Figure 5 shows that as soon as the solute mass enters the manhole, it diffuses from the high velocity flow region into the manhole volume. A part of the concentrated solute mass hits the opposite manhole wall and travels towards the manhole surface. Later, it interacts with the surface flow and recirculates to the manhole. This recirculating flow brings low concentration flow from the surface into the manhole, maintaining a consistent concentration gradient through the manhole height until the upper part becomes completely mixed. The observed flow structures explored in the tests are relativity insensitive to the pipe inflow rate over the partition ratios used in these tests. The results show that until well mixed conditions are achieved, that the concentration field at the manhole/surface interaction point (section C) is highly heterogeneous. Therefore unlike in the pipe network, (where cross-sectionally averaged values can be reasonably assumed at Sections A and B), quantification of mass flow rate to the surface (i.e., over Section C) requires robust understanding of the spatial variation of solute and velocity over the manhole cross section and how this evolves with time.

The evolution of solute mass exchange through each cross section A, B and C is quantified based on the CFD model. For this purpose, CFD model results of test 1-A-B-C, 2-A, 3-A and 4-A were considered. Due to highly heterogeneous conditions at section C, mass flow rate at each time step for each inlet/outlet junctions (section A, B, C) was calculated using the following Equation,

$${\dot{M}}_x={{\displaystyle \int }}_{i=0}^{i=A}{c}_i{\mathit{u}}_{i}d\mathit{A}$$

(10)

where ${\dot{M}}_x$ is the solute mass flow rate though section A, B or C (i.e., ${\dot{M}}_{PI},{\dot{M}}_e$ or ${\dot{M}}_{PO}$); ${\mathit{u}}_i$ is the mean velocity vector normal to area i; $d\mathit{A}$ is an incremental cross section area vector (based on a 10mm slice); and $c_i$ is the solute concentration within area i. Hence the integral value of the dot multiplication of these components is used to provide the net mass flow rate through sections A, B and C. The model set-up (uniform concentration applied at Section A) results in a constant ${\dot{M}}_{PI}$ over each test after the first 0.2 s of simulation (as given in

Table 3. Characteristic time scales of solute mixing from different model results. Results are arranged in an ascending order of the mean surface flow partition ratios.

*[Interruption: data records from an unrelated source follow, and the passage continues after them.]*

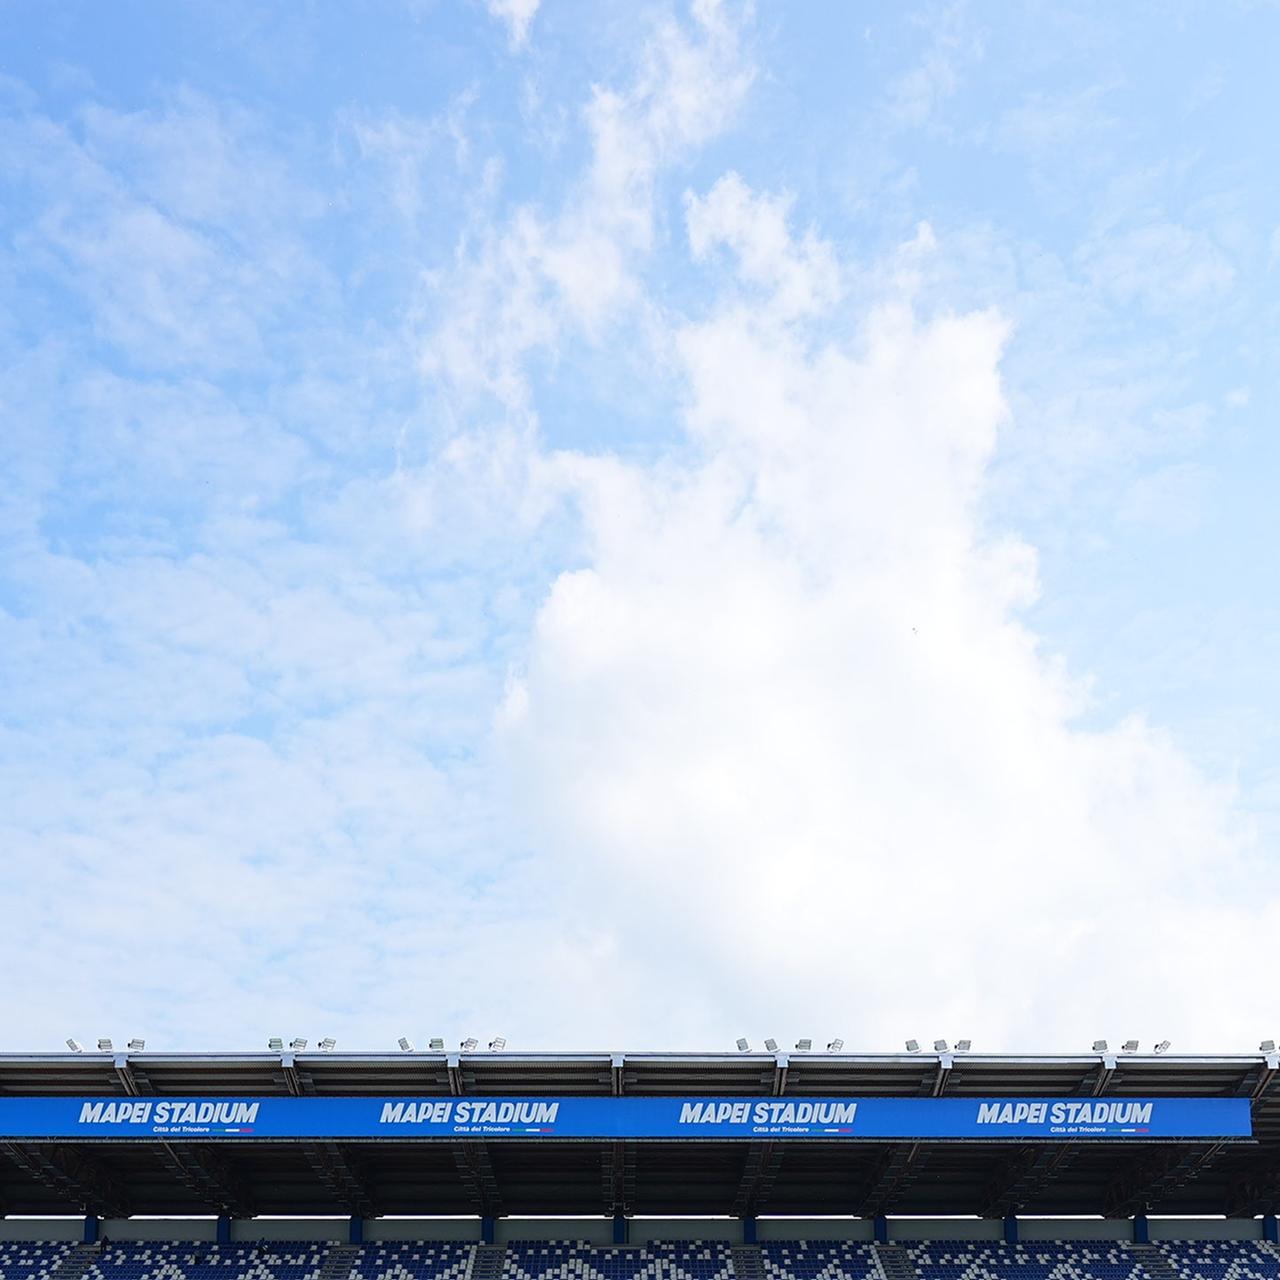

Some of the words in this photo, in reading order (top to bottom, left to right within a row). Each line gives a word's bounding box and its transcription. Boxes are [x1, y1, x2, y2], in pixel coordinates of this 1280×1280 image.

[79, 1102, 152, 1123] MAPEI
[153, 1102, 260, 1123] STADIUM
[380, 1102, 452, 1123] MAPEI
[454, 1102, 559, 1123] STADIUM
[679, 1102, 751, 1124] MAPEI
[753, 1102, 857, 1124] STADIUM
[976, 1103, 1048, 1124] MAPEI
[1050, 1103, 1153, 1124] STADIUM
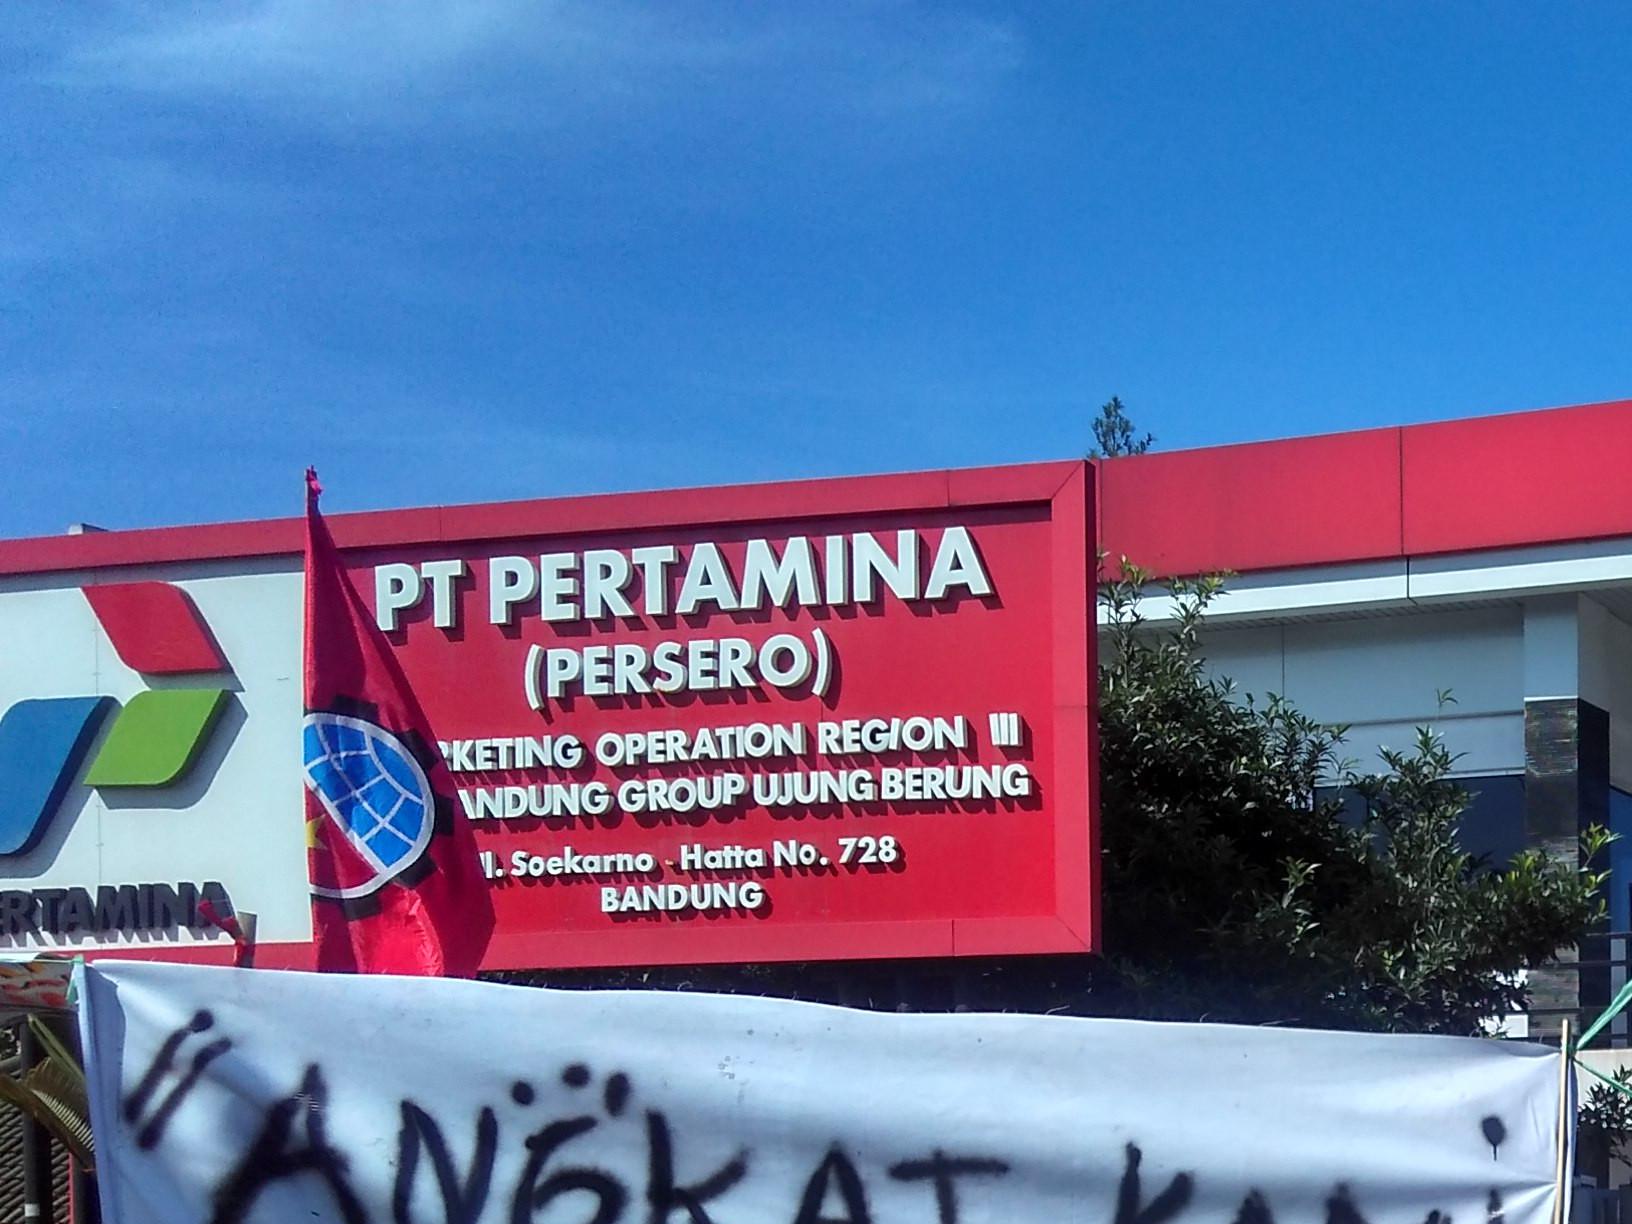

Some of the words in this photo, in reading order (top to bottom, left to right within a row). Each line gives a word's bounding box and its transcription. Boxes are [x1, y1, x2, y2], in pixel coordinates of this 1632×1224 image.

[374, 558, 468, 632] PT
[488, 526, 992, 625] PERTAMINA
[524, 627, 832, 711] (PERSERO)
[436, 734, 583, 772] KETING
[595, 722, 807, 767] OPERATION
[817, 715, 967, 755] REGION
[617, 774, 747, 814] GROUP
[752, 769, 878, 808] UJUNG
[880, 764, 1031, 800] BERUNG
[510, 845, 656, 878] Soekarno
[680, 843, 766, 872] Hatta
[772, 839, 829, 869] No.
[838, 835, 899, 864] 728
[0, 881, 237, 934] RTAMINA
[600, 881, 765, 913] BANDUNG
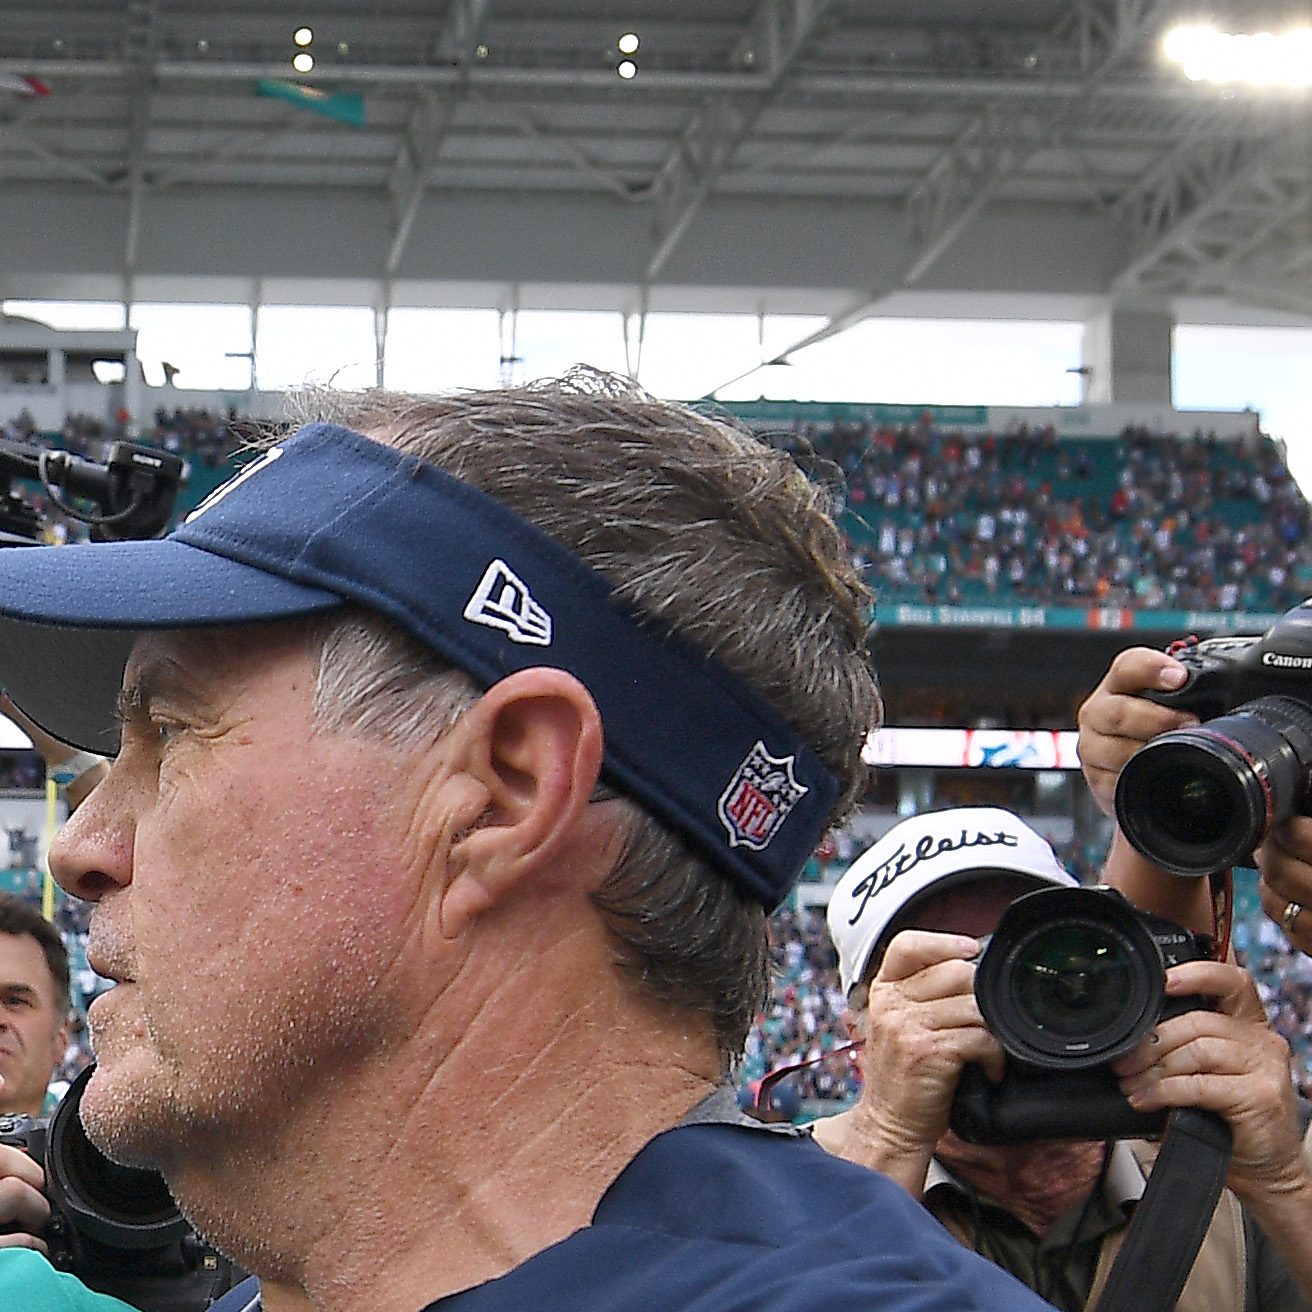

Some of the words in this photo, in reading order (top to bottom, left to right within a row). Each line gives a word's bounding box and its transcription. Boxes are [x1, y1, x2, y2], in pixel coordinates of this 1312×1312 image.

[1262, 652, 1312, 669] Canon
[729, 780, 774, 838] NFL
[848, 828, 1019, 926] Titleist
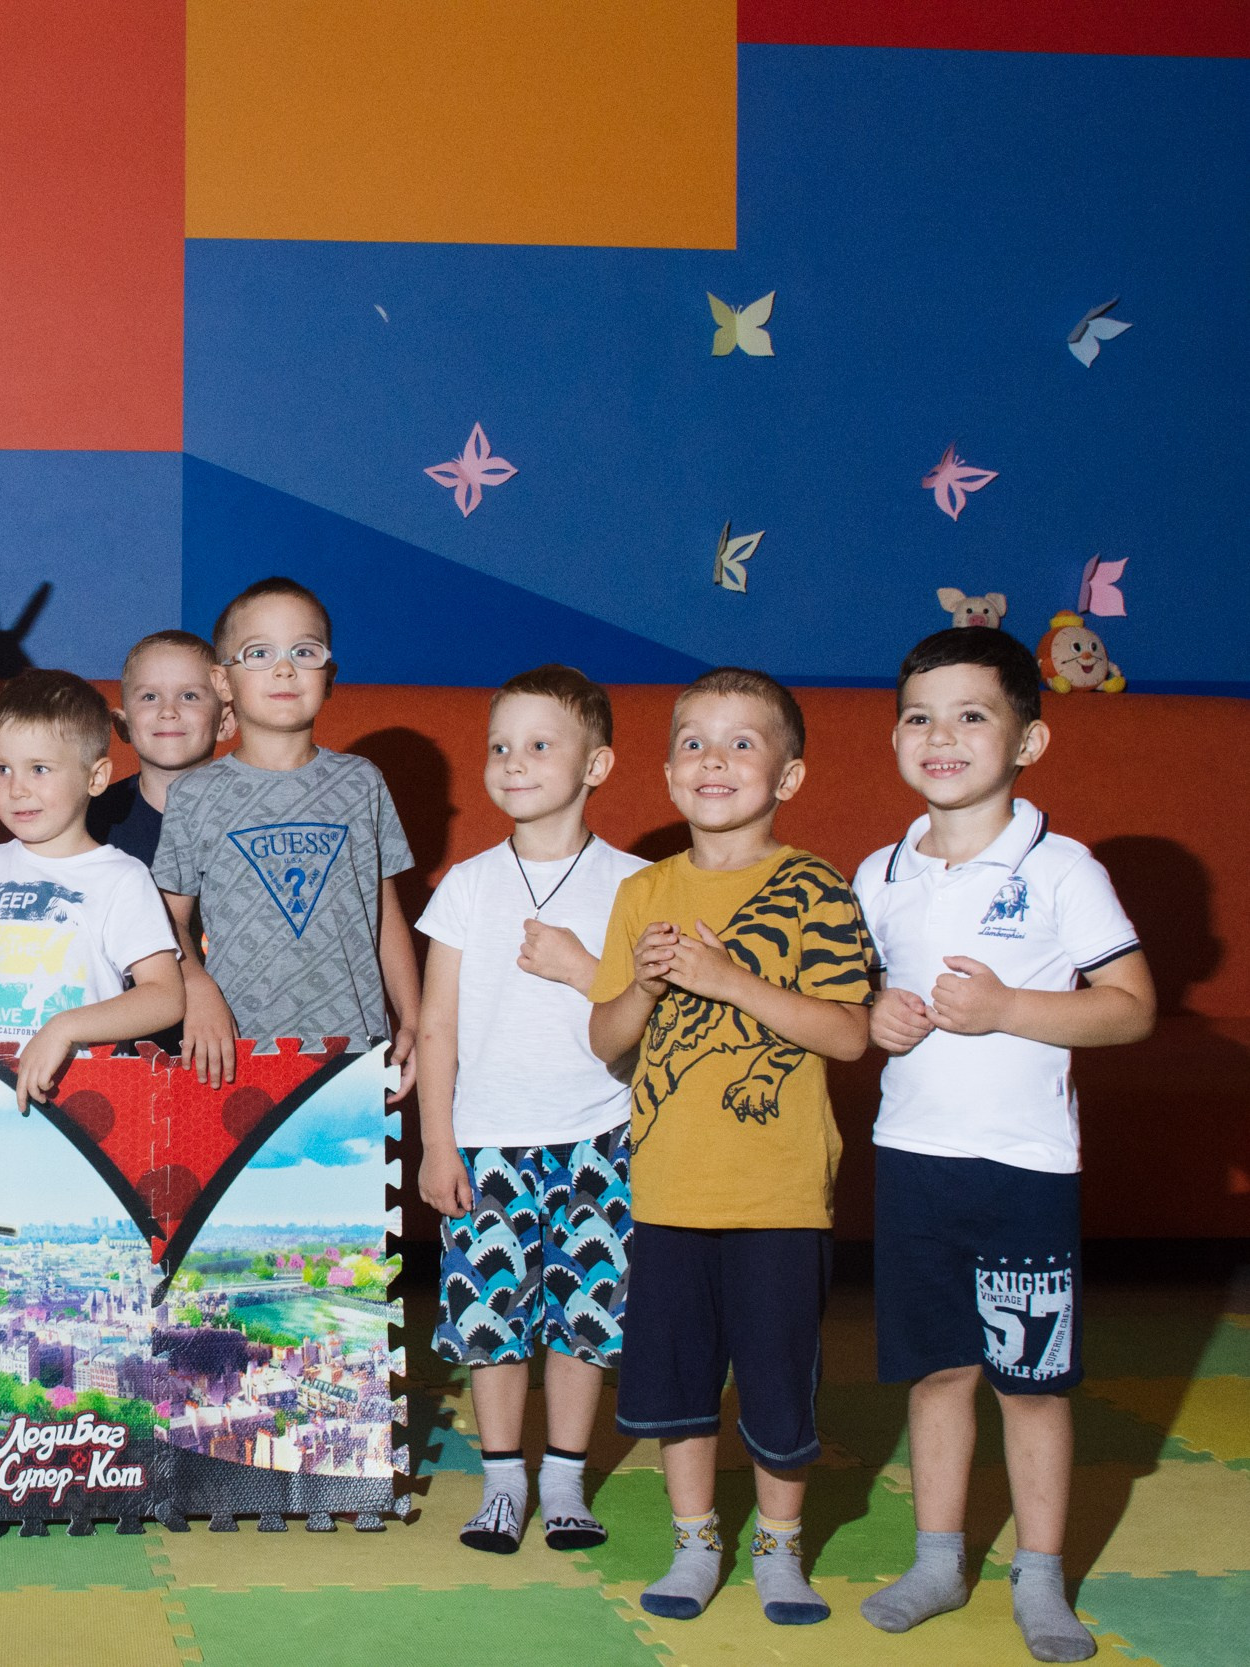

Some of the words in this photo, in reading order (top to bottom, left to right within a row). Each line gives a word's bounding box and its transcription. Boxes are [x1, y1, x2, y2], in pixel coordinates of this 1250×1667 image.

Test ID	$\mathbf{Inlet}\mathbf{Mass}\mathbf{Flowrate},{\dot{\mathit{M}}}_{\mathit{P}\mathit{I}}$(×10−6 mg/s)	Nominal Residence Time, Tx (s)	Mean Surface Flow Partition Ratio $({\mathit{Q}}_{\mathit{e}}/{\mathit{Q}}_{\mathit{i}\mathit{n}\mathit{S}})$	Non-Dimensional Characteristic Time (-)			Fitted Curve Coefficients
				t1/Tx	t2/Tx	t3/Tx	C	r2
1-B	9.7	4.09	0.150	0.03	0.20	5.80	0.35	0.9071
1-A	9.7	2.96	0.206	0.04	0.27	8.11	0.40	0.9677
2-A	10.8	2.28	0.241	0.05	0.34	8.27	0.40	0.9455
3-A	11.6	1.99	0.257	0.05	0.25	9.20	0.45	0.9545
1-C	9.7	2.24	0.302	0.05	0.26	9.79	0.52	0.9797
4-A	12.3	1.42	0.342	0.06	0.28	9.55	0.60	0.9356

). Following the calculation of ${\dot{M}}_{PI},{\dot{M}}_e$ and ${\dot{M}}_{PO}$, the rate of change in solute mass within the manhole was calculated using Equation (1). Figure 6 shows resulting outlet solute mass flow rates as a ratio of manhole inlet mass flow rate over each test. The time axis in the figures represents time (in seconds) since the first solute enters the manhole from the sewer inlet. As in Figure 5, this time (t₀ = 0) is taken when average solute concentration at Section A exceeds 1% of the peak value. Significant fluctuation can be observed in the $\frac{{\dot{M}}_e}{{\dot{M}}_{PI}}$ values due to the complex heterogeneous nature of the flow at the surface/manhole interaction point (section C).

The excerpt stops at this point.